Stative main verbs denote states of affairs where a particular situation is presented as being in existence without a change taking place, typically to attribute a characteristic to the subject of the sentence, or to identify that subject through some relationship. Afrikaans conventionally requires the overt presence of copular verbs (wees to be, skyn to seem, blyk to appear, lyk to look) to denote states, not allowing omission thereof. Some states can be expressed by lexical main verbs other than copula verbs, e.g. mental states (ken to know, verstaan to understand) or states denoting location ( to lie, staan to stand).

The non-main verbs typically convey grammatical, rather than lexical, meanings. The following auxiliaries are used to expresses a very specific grammatical function in syntactic constructions:

  • het have.AUX.PST: past tense (active form)
  • word be.AUX.PASS.PRS: passive (present tense)
  • is be.AUX.PASS.PST (or sometimes the pluperfect was be.AUX.PASS.PLUPRF): passive (past tense)

Afrikaans has a set of modal verbs that convey meanings similar to those encoded by their cognate forms in other Germanic languages. Most modals are polysemous and can convey root and non-root meanings, which cannot always be separated unambiguously:

  • Root meanings, including dynamic meanings, such as capability (kan can) and intention (wil want to), and deontic meanings, such as permission (mag may) and obligation (moet must).
  • Non-root or epistemic meanings, such as prediction (sal shall/will) or possibility (kan can).

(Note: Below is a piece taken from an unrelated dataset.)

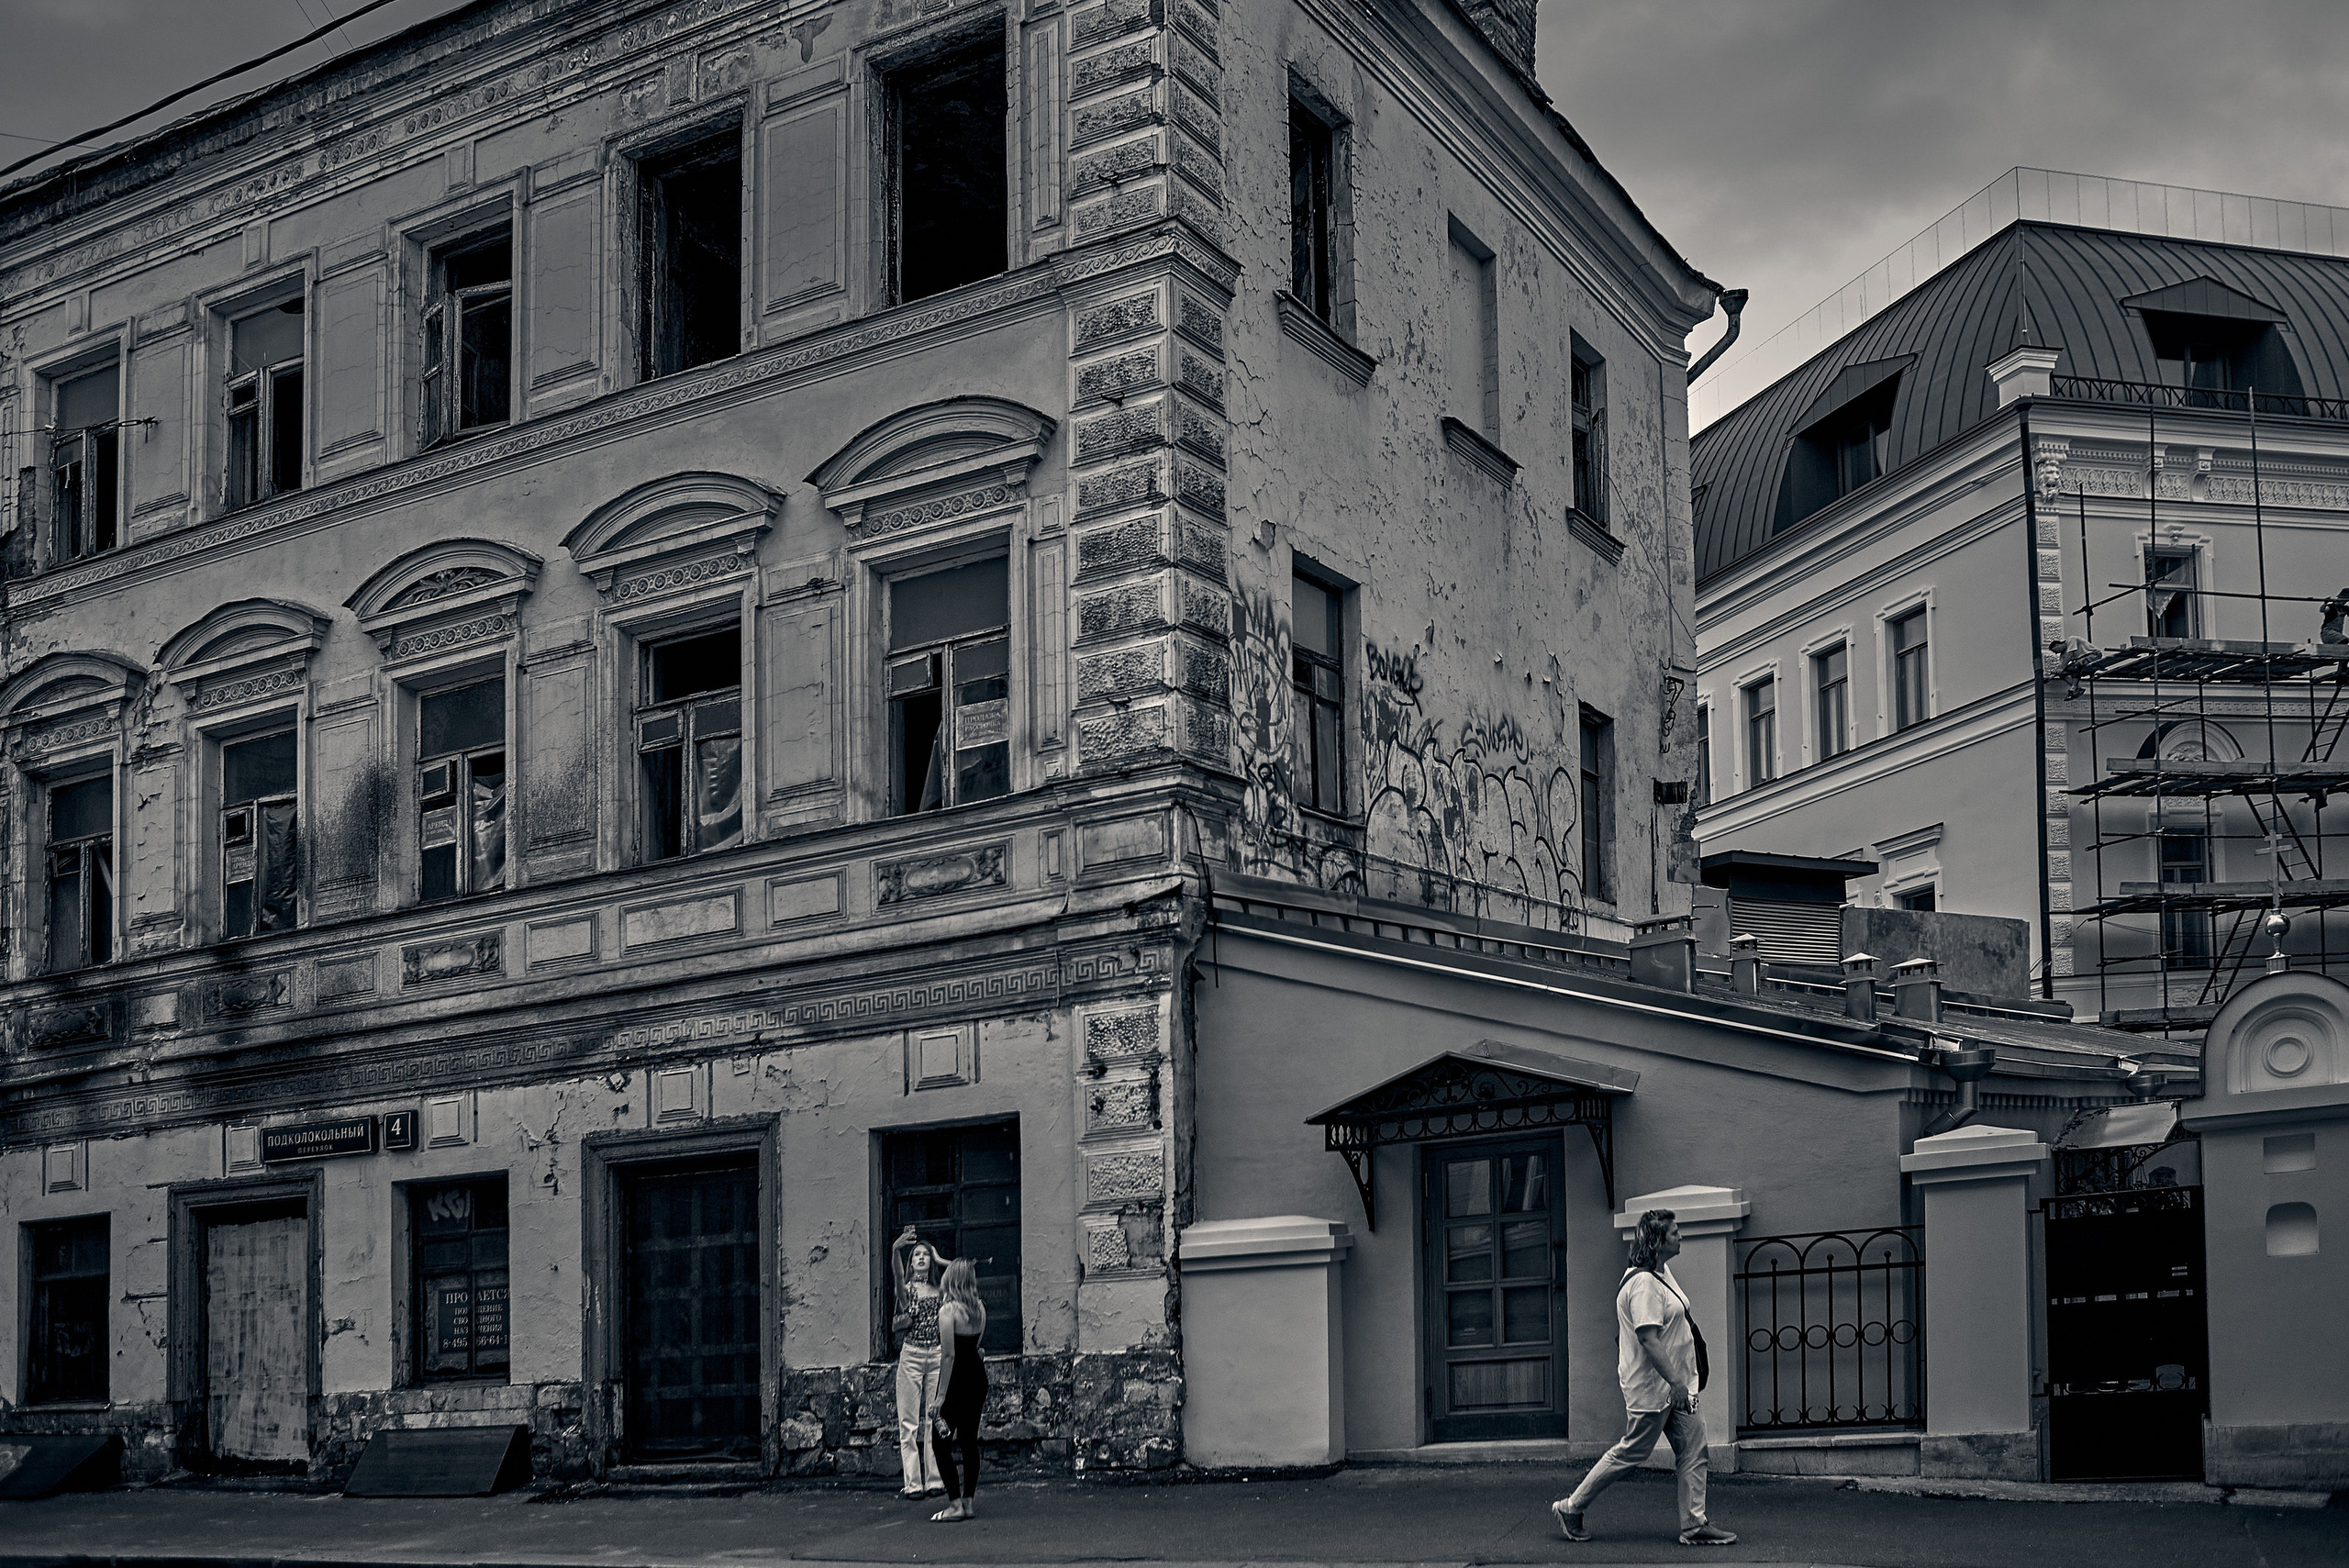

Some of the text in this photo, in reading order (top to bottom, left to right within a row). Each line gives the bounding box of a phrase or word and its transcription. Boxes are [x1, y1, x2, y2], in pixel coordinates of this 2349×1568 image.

In addition to these auxiliary verbs, Afrikaans has a group of verbs that form a transitional group between prototypical auxiliaries and lexical main verbs. These verbs are used in combination with main verbs, and should therefore can be regarded as auxiliary verbs on syntactic grounds. Semantically speaking, they are related to main verbs in polysemous relations, but show clear signs of auxiliarisation through the bleaching of their meanings. The most typical representatives of this class of auxiliary verb, which is known as linking verb in the traditional Afrikaans descriptions, are postural verbs such as staan to stand, sit to sit, and to lie, alongside the verbs kom to come and gaan to go, which are movement verbs when used as main verbs. The form gaan to go has also developed another auxiliary use as future tense expression, which retains even less of its movement sense. Their main verb lexical semantics are sometimes still quite apparent in their auxiliary use, as in example (1), but there are also cases where the postural semantics are bleached out and the aspectual semantics are more prominent, as shown in example (2).

1
a. Moenie alewig oor jou lot loop en kla nie.
don't always about your fate walk and complain PTCL.NEG
Don't always go around and complain about your fate.
Ponelis (1979:241)
b. Piet staan 'n glas water en drink.
Piet stand a glass water and drink
Piet stands and drinks a glass of water.
Ponelis (1979:241)
2
a. Wie het dit loop en vertel?
who have.AUX.PST it walk and tell
Who went on telling this?
Ponelis (1979:241)
['loop' implying 'to carry on']
b. Soos gewoonlik het hulle alles vir soetkoek staan en opeet.
as usual have.AUX.PST they everything for sweet+cake stand and up.eat
As usual, they went and took everything at face value.
Ponelis (1979:242)
['staan' implying negative affect]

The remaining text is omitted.